697 A.2d 1025 | Pa. Super. Ct. | 1997

POPOVICH, Judge:

This is an appeal from an order of the Court of Common Pleas of York County granting summary judgment in favor of Dauphin Deposit Bank (Dauphin Deposit) in an *1027action for conversion and violation of the Uniform Fiduciaries Act (UFA).1 After examining the Uniform Commercial Code (UCC)2 and the UFA, the lower court determined that appellant had no right of action against Dauphin Deposit for conversion and that Dauphin Deposit had a good faith defense under the UFA. Accordingly, the lower court granted summary judgment in favor of Dauphin Deposit. We agree that appellant cannot sue Dauphin Deposit for conversion under the UCC. However, we find that Dauphin Deposit is liable under the UFA.

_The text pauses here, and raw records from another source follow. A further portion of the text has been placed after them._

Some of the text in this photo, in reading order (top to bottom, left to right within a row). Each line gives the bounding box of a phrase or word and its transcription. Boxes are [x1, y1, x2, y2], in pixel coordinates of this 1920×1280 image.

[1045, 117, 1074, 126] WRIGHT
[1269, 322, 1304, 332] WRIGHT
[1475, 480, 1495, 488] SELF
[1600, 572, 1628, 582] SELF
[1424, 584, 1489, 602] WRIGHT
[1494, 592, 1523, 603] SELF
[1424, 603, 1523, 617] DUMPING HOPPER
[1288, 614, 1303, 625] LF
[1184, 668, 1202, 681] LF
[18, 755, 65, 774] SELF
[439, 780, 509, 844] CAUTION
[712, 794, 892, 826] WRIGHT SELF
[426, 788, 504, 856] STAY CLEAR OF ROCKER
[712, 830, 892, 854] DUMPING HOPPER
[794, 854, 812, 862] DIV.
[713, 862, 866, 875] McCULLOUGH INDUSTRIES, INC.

Our scope of review is plenary when reviewing the propriety of a lower court’s entry of summary judgment. Schriver v. Mazziotti, 432 Pa.Super. 276, 638 A.2d 224, 225 (1994), alloc, denied, 539 Pa. 638, 650 A.2d 52 (1994). We must examine the entire record in the light most favorable to the non-moving party and resolve all doubts against the moving party when determining if there is a genuine issue of material fact. Chrysler Credit Corp. v. Smith, 434 Pa.Super. 429, 643 A.2d 1098, 1100 (1994). We will only reverse the lower court’s grant of summary judgment if there is a manifest abuse of discretion. Accu-Weather, Inc. v. Prospect Communications, Inc., 435 Pa.Super. 93, 644 A.2d 1251 (1994). Pursuant to Pennsylvania Rule of Civil Procedure 1035(b), summary judgment shall be rendered “if the pleadings, depositions, answers to interrogatories, and admissions on file, together with the affidavits, if any, show that there is no genuine issue of material fact and that the moving party is entitled to judgment as a matter of law.”

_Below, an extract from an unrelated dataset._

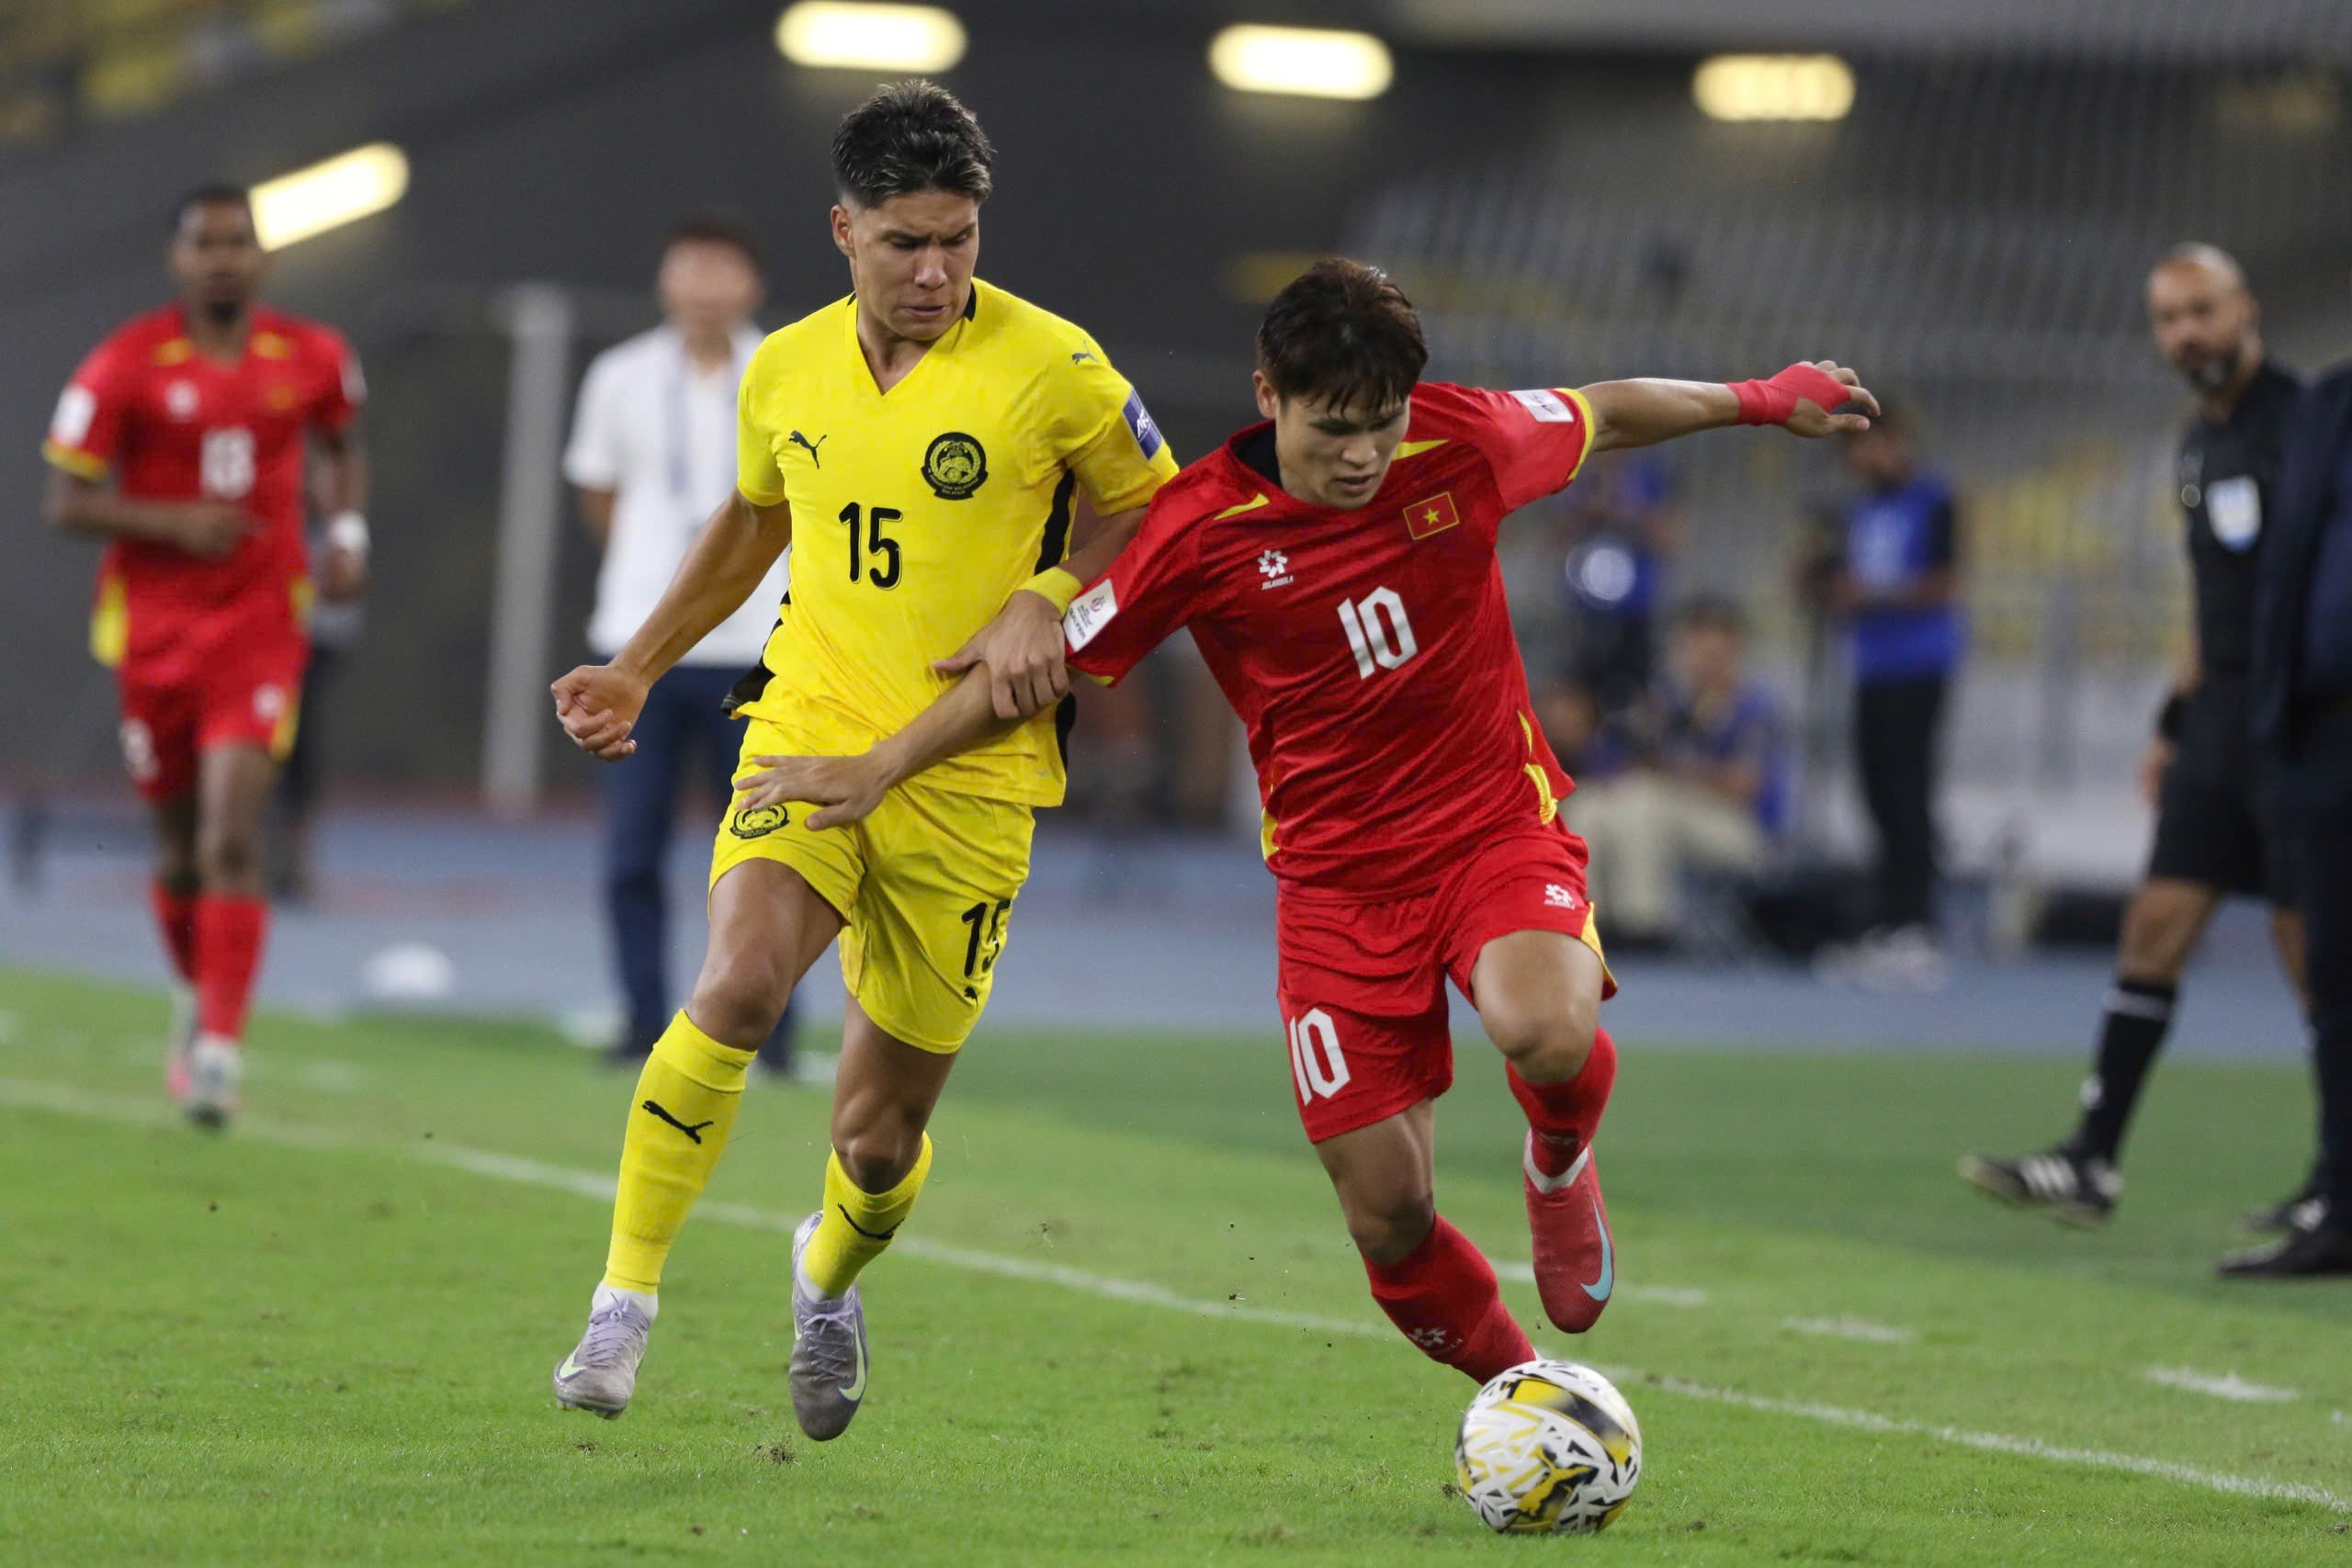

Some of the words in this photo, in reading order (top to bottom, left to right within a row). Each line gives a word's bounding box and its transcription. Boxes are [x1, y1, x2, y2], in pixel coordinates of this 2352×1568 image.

[838, 501, 903, 592] 15
[1337, 586, 1419, 681] 10
[961, 898, 1012, 980] 15
[1289, 1007, 1351, 1107] 10

The parties agree that there is no genuine issue of material fact and that the pertinent, undisputed facts are as follows: On May 9, 1987, appellant Michelle Manfredi, a minor, was injured in a motor vehicle accident. Shortly thereafter, appellant, by her parents and natural guardians, Louis and Charlotte Manfredi, filed a suit seeking compensation for her injuries. On September 26,1988, the lower court approved a settlement of the suit and ordered that $34,480.07 be paid “to plaintiffs, Louis and Charlotte Manfredi, as parents and natural guardians of Michelle Man-fredi, a minor, to be deposited in a Mutual Fund Growth Account through Common Sense Trust.” Trial Court Opinion filed 3/19/96 p. 3. A check dated October 14,1988, and payable “to the order of Louis and Charlotte Manfredi, as parents and natural guardians of Michelle Manfredi, a minor,” was distributed to appellant’s parents. After receiving the check, Louis endorsed the check, and, on October 20,1988, he deposited it into his and Charlotte’s joint checking account with Dauphin Deposit. Charlotte did not endorse the check. Dauphin Deposit never received a copy of the lower court’s September 26, 1988, order, and was never given any verbal limitations regarding the check at issue. After the check was deposited, Louis periodically wrote checks on the account for his own use.

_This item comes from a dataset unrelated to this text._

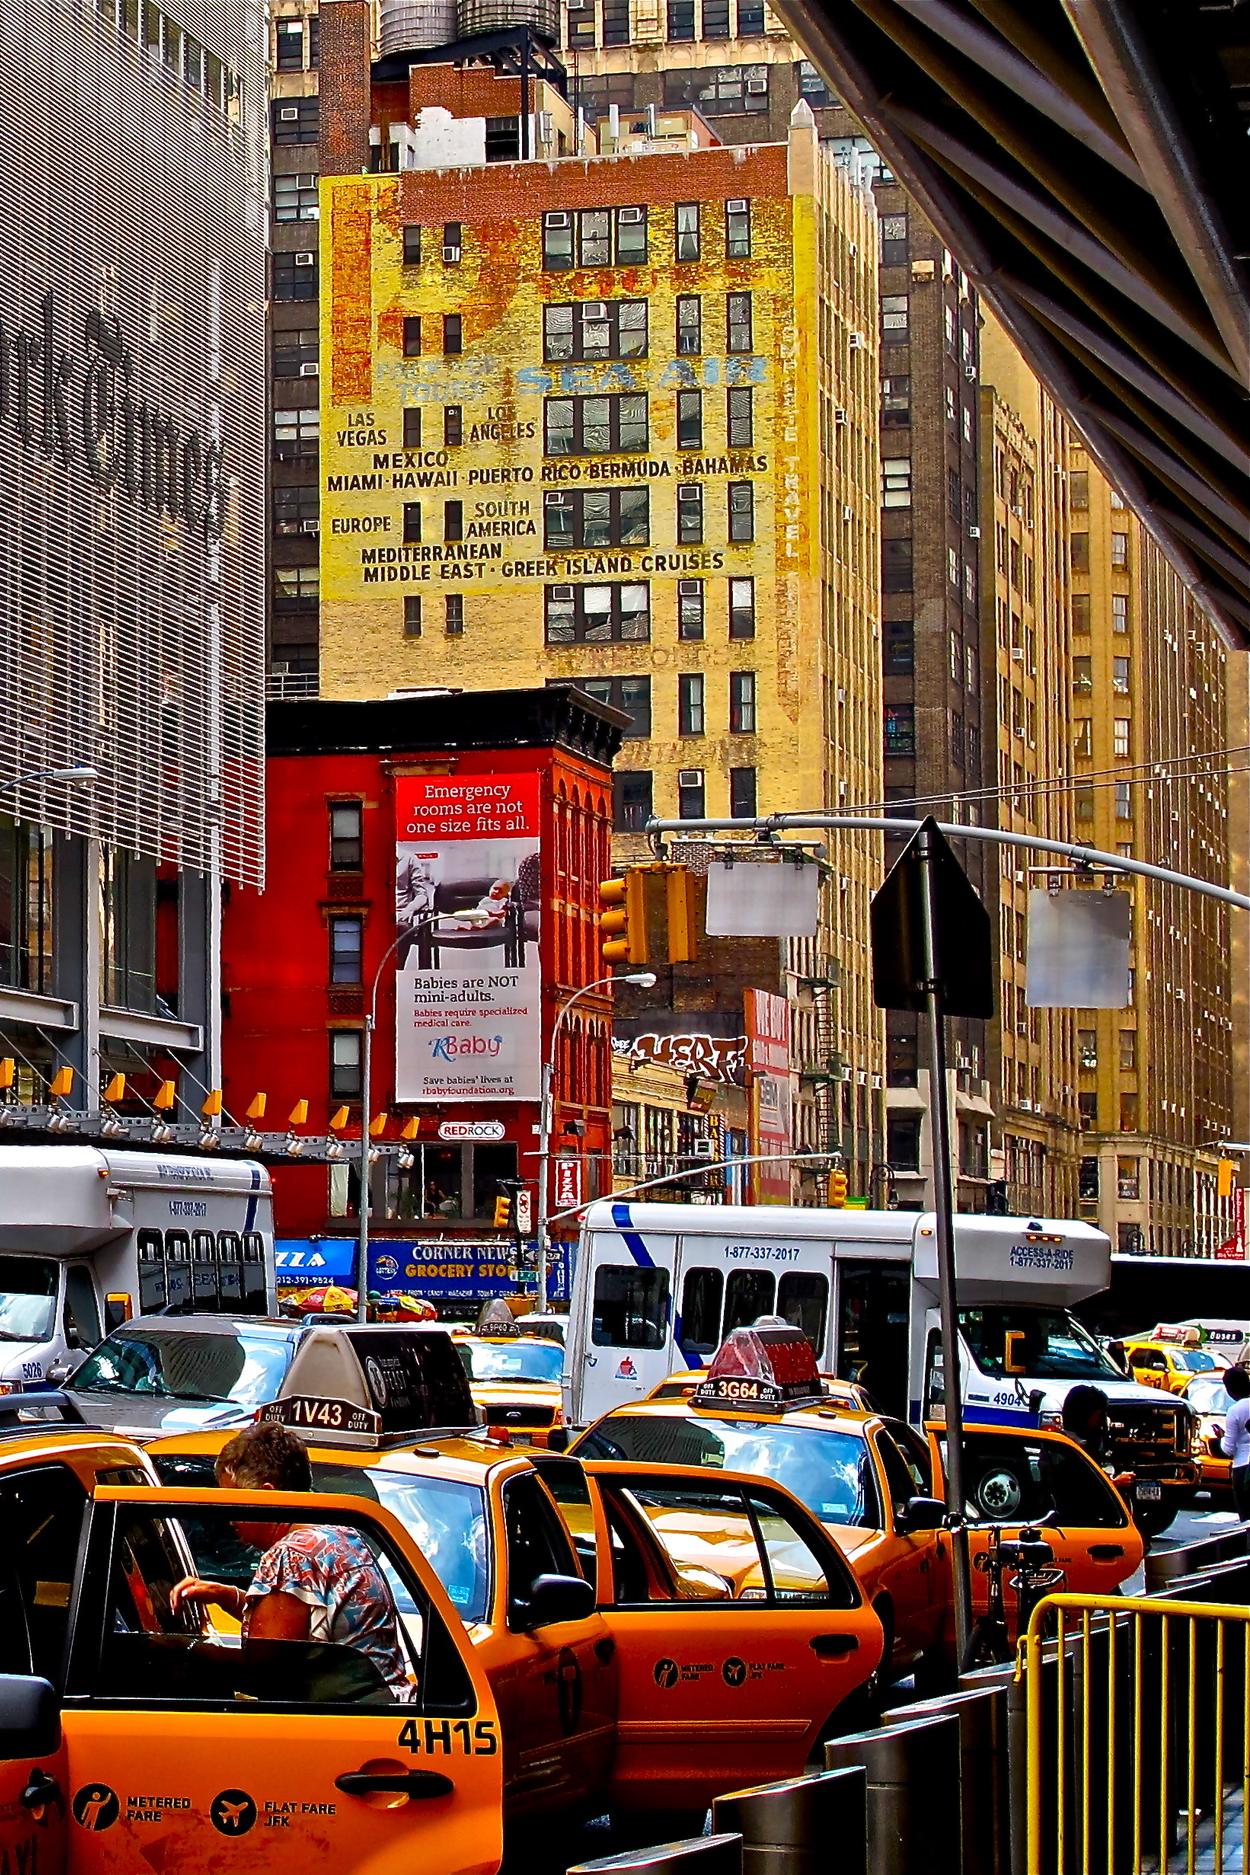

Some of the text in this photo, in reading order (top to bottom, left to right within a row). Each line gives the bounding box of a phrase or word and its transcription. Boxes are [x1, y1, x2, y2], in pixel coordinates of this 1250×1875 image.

In July, 1992, after appellant reached the age of majority, she realized that her father had used all of the settlement funds, except for $800, for his own purposes. As a result, she filed a Petition for Accounting. Following a hearing on the matter, the lower court entered a judgment in favor of appellant and against Louis for $48,464.80.

On January 27, 1995, appellant filed a complaint seeking to recover damages from Dauphin Deposit on the theory of conversion under the UCC and violation of Section 6372 of the UFA.3 She argued that the bank improperly deposited the settlement check since it contained a forged and unauthorized endorsement, and that the bank violated its burden of inquiry when Louis made the deposit. Dauphin Deposit argued that appellant had no right of action for conversion and that it had a good faith defense under the UFA. The parties cross-filed motions for summary judgment. The lower court determined that there was no entitled to judgment as a matter of law. This appeal followed.

Appellant’s first argument is that the bank is liable for conversion because it permitted her father, Louis, to deposit the set*1028tlement check in her parents’ joint checking account without the endorsement of both parents.4 Her argument is rooted in the language of 13 Pa.C.S.A. §§ 3116(2) and 3419(a)(3).5

Section 3116 provides the following:

§ 3116. Instruments payable to two or more persons
An instrument payable to the order of two or more persons:
. (1) if in the alternative is payable to any one of them and may be negotiated, discharged or enforced by any of them who has possession of it; or
(2) if not in the alternative is payable to all of them and may be negotiated, discharged or enforced only by all of them.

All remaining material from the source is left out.